╭──

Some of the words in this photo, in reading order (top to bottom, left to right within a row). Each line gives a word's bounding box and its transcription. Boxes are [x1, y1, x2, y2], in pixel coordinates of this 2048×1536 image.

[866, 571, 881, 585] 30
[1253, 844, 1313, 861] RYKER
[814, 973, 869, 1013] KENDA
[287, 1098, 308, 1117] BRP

╰──
╭──

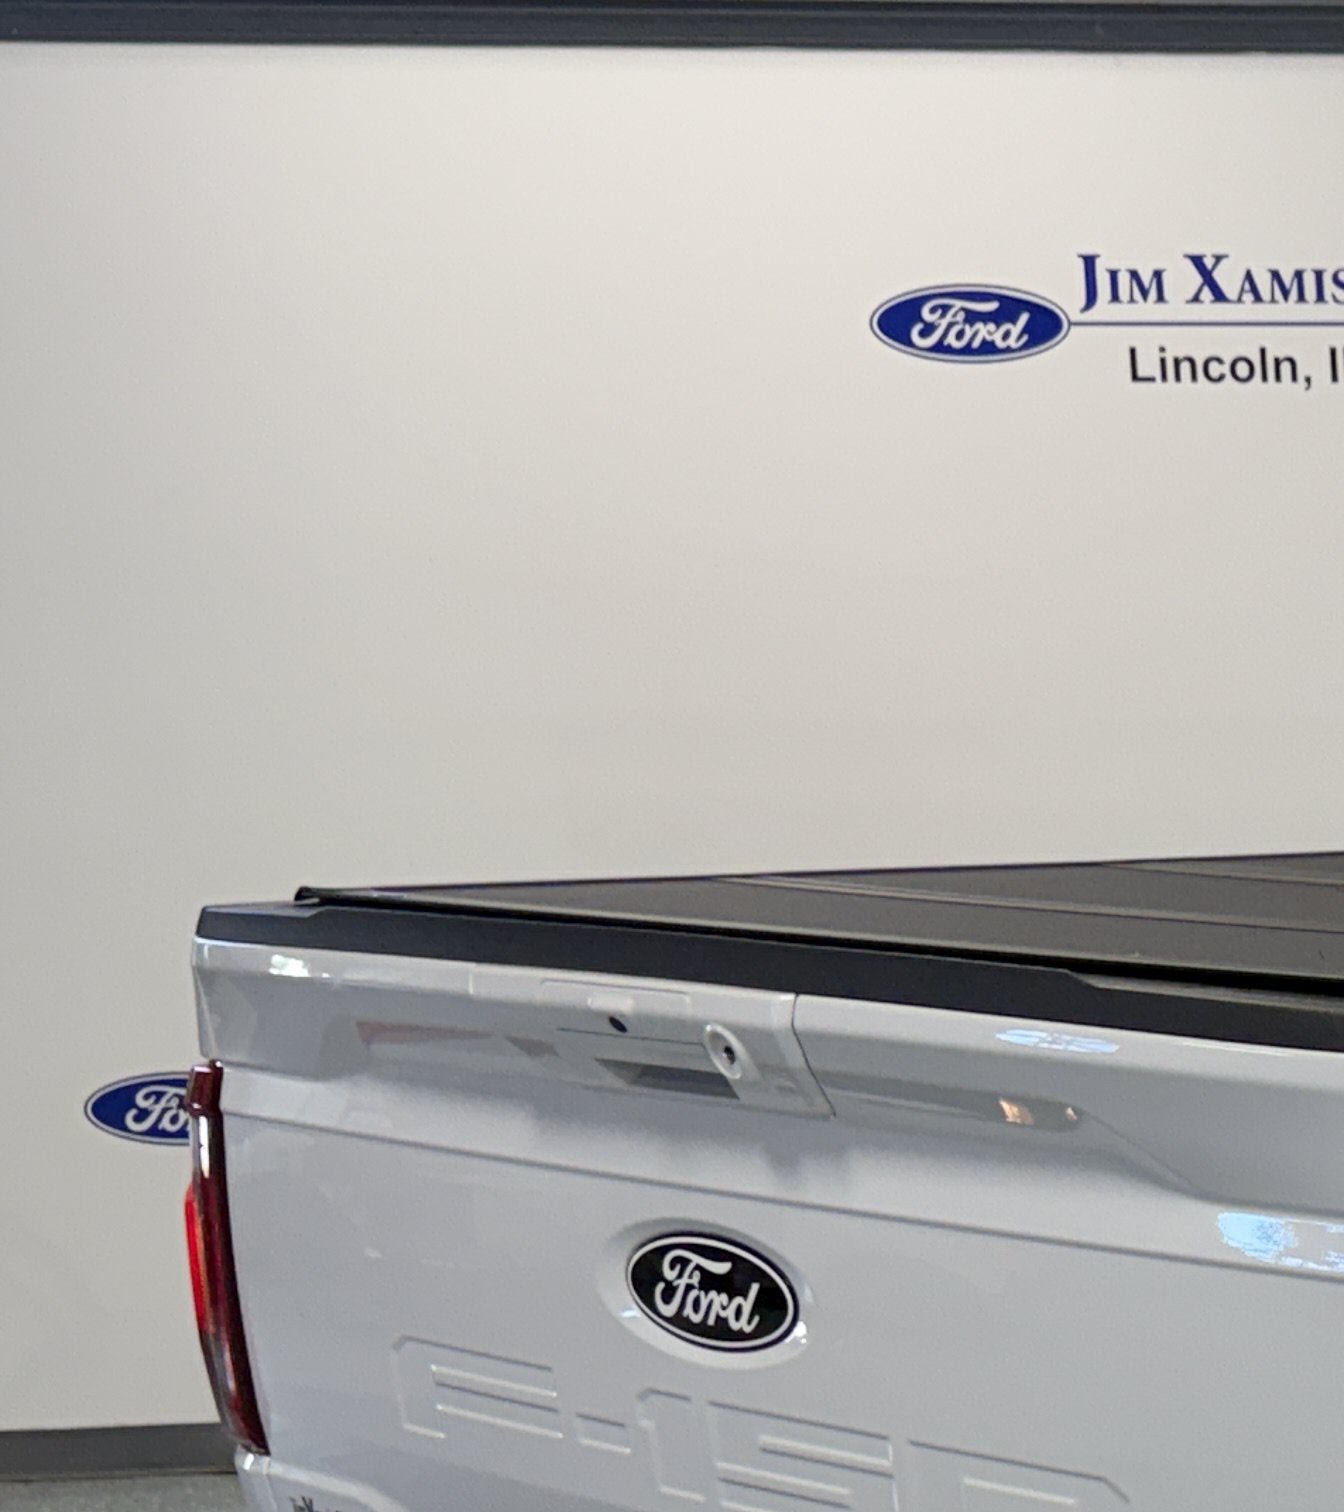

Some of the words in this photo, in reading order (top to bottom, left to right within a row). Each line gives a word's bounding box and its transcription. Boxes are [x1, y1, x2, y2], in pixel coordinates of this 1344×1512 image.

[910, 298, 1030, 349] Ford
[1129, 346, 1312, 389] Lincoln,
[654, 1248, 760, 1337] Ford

╰──
╭──

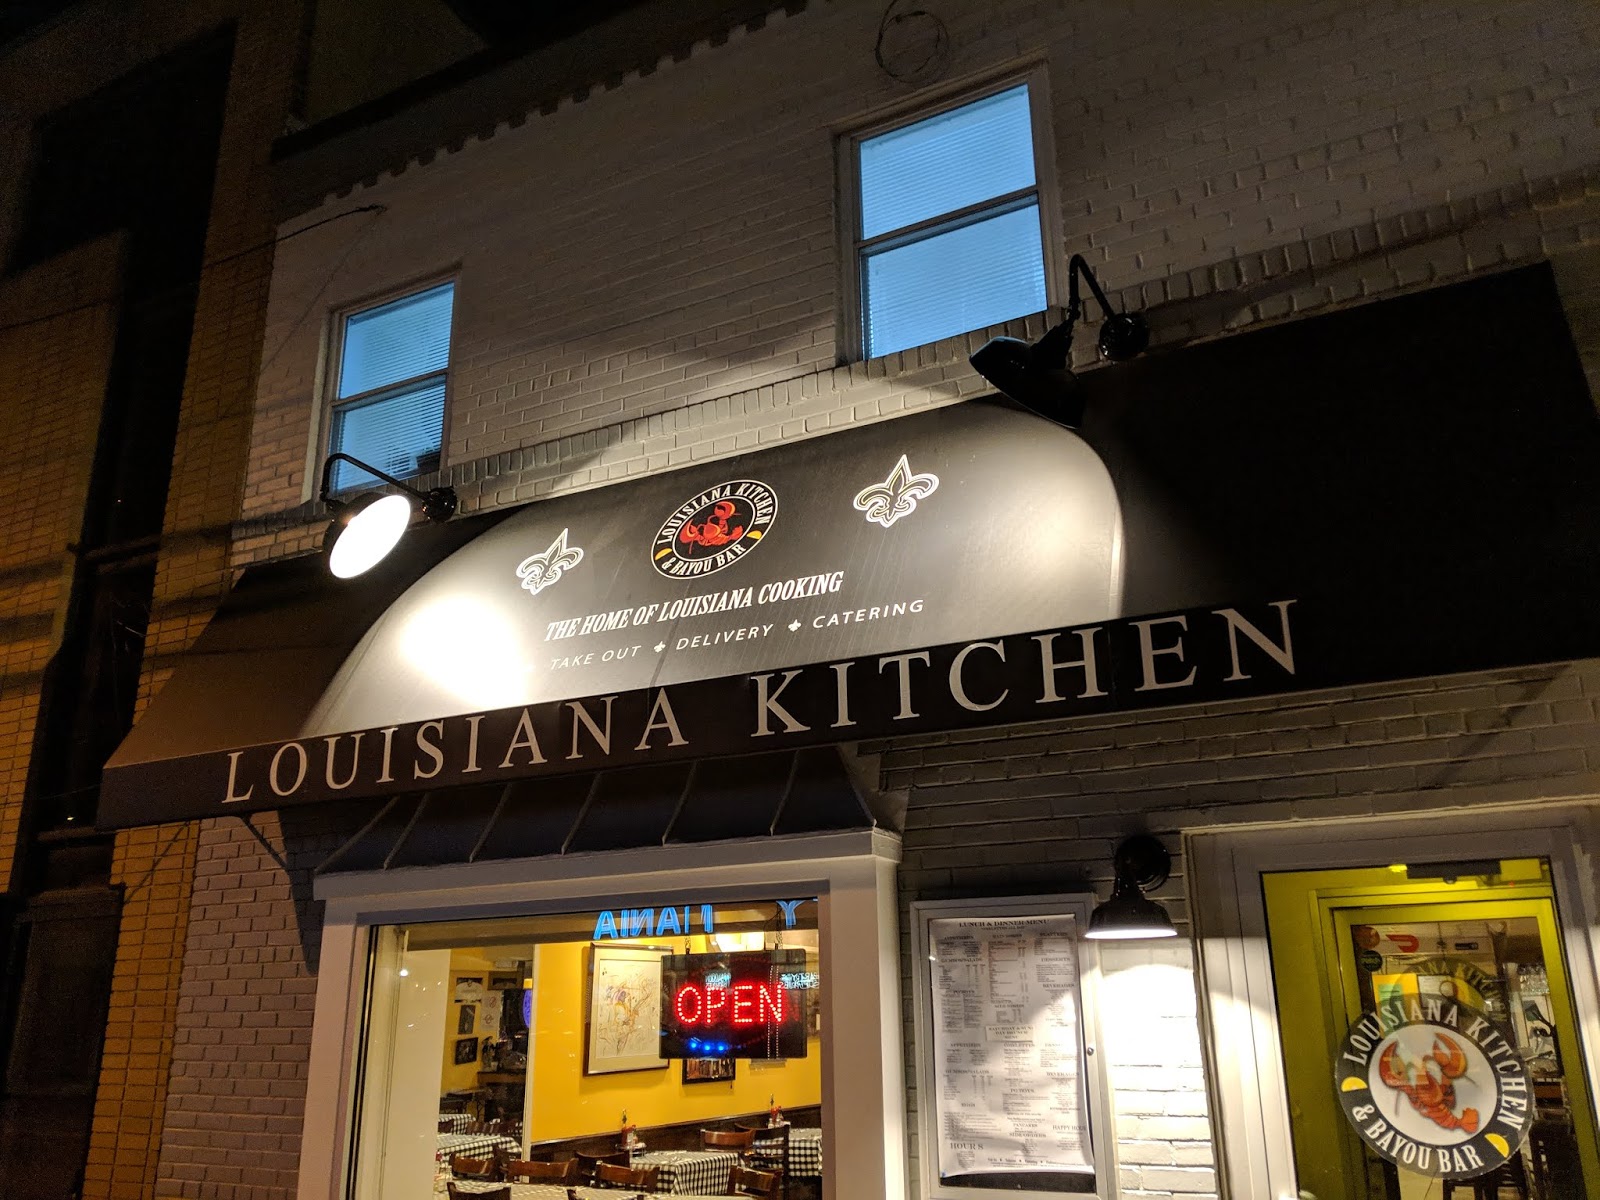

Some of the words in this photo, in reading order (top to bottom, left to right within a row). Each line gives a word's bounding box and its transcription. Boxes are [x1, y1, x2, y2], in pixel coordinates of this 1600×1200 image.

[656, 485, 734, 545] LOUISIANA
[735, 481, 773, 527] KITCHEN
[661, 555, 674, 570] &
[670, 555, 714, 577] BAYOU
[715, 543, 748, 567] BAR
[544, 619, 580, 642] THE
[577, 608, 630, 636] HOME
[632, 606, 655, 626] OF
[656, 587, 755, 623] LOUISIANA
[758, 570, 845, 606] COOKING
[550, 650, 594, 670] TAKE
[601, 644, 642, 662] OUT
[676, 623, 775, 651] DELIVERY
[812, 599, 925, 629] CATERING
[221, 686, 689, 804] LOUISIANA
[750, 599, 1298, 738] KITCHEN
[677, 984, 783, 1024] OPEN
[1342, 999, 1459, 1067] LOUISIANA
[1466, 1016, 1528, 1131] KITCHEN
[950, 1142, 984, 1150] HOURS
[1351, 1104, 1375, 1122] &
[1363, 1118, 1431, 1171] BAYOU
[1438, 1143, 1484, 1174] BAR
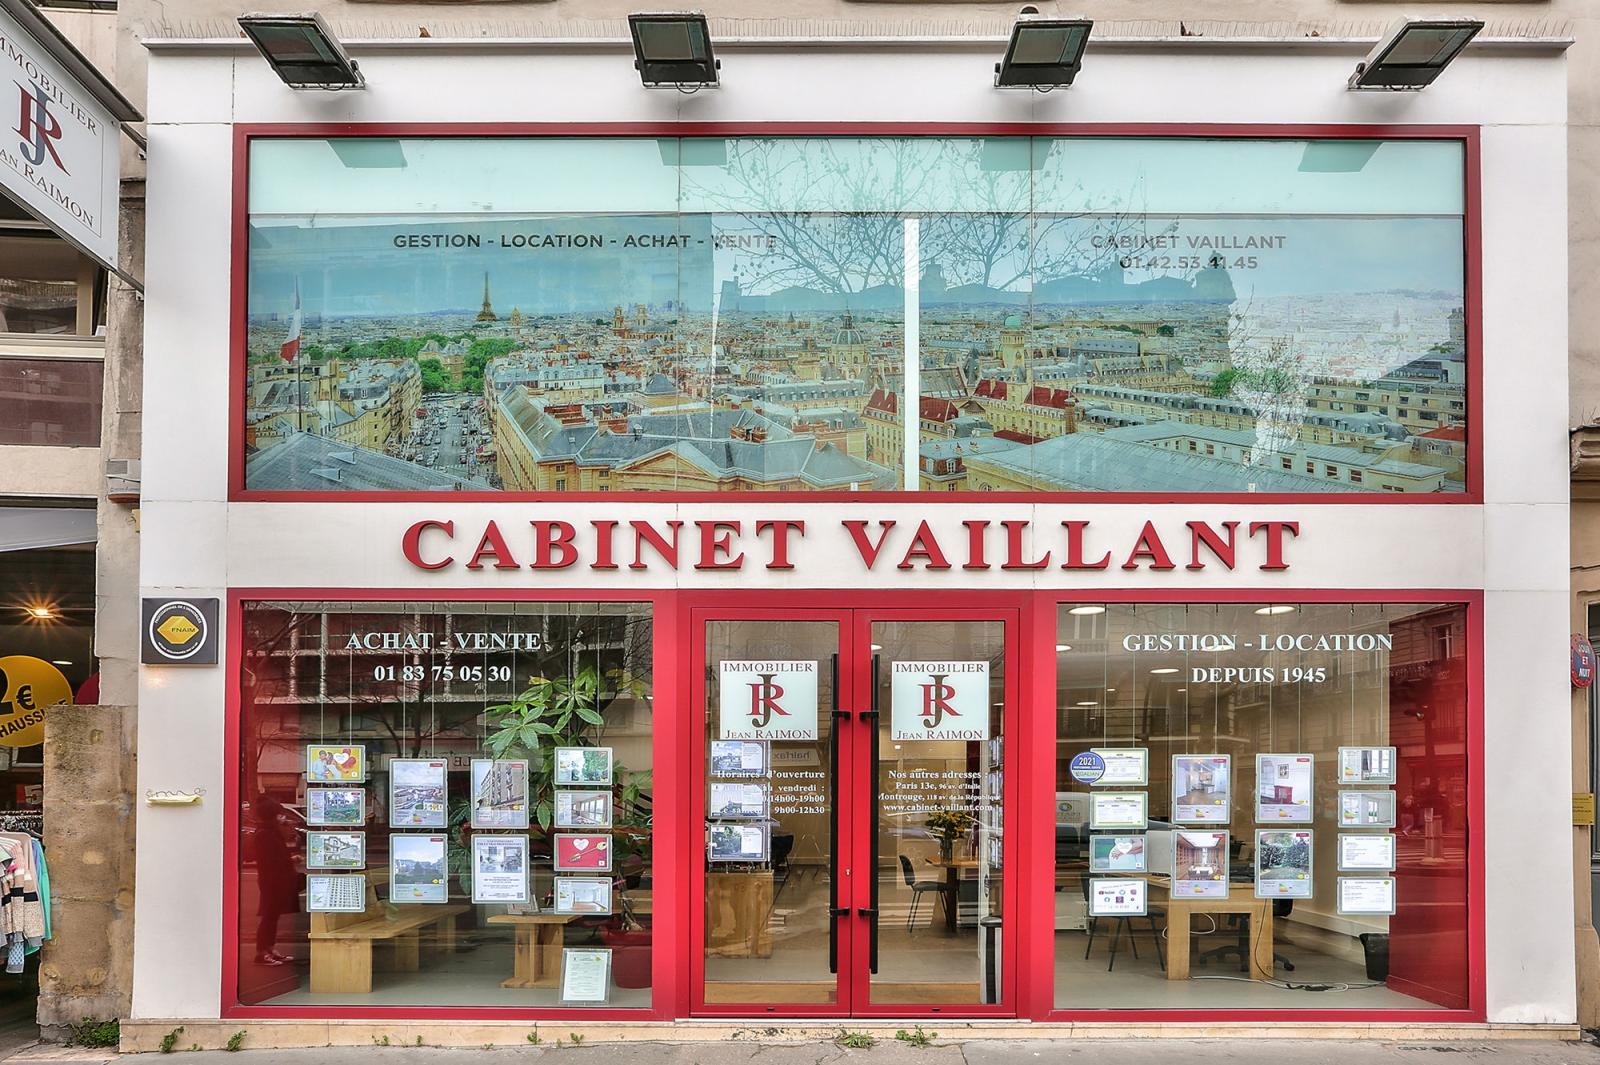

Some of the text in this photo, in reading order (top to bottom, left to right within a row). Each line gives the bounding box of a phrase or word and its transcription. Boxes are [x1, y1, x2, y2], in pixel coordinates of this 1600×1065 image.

╰──

### TRY IT
Between and including the line with "this 1600×1200 image." and the line with "Some of the text", repeat every line exactly as it appears above, with pictures left out.

### ANSWER
Some of the words in this photo, in reading order (top to bottom, left to right within a row). Each line gives a word's bounding box and its transcription. Boxes are [x1, y1, x2, y2], in pixel coordinates of this 1600×1200 image.

[656, 485, 734, 545] LOUISIANA
[735, 481, 773, 527] KITCHEN
[661, 555, 674, 570] &
[670, 555, 714, 577] BAYOU
[715, 543, 748, 567] BAR
[544, 619, 580, 642] THE
[577, 608, 630, 636] HOME
[632, 606, 655, 626] OF
[656, 587, 755, 623] LOUISIANA
[758, 570, 845, 606] COOKING
[550, 650, 594, 670] TAKE
[601, 644, 642, 662] OUT
[676, 623, 775, 651] DELIVERY
[812, 599, 925, 629] CATERING
[221, 686, 689, 804] LOUISIANA
[750, 599, 1298, 738] KITCHEN
[677, 984, 783, 1024] OPEN
[1342, 999, 1459, 1067] LOUISIANA
[1466, 1016, 1528, 1131] KITCHEN
[950, 1142, 984, 1150] HOURS
[1351, 1104, 1375, 1122] &
[1363, 1118, 1431, 1171] BAYOU
[1438, 1143, 1484, 1174] BAR

Some of the text in this photo, in reading order (top to bottom, left to right within a row). Each line gives the bounding box of a phrase or word and its transcription. Boxes are [x1, y1, x2, y2], in pixel coordinates of this 1600×1065 image.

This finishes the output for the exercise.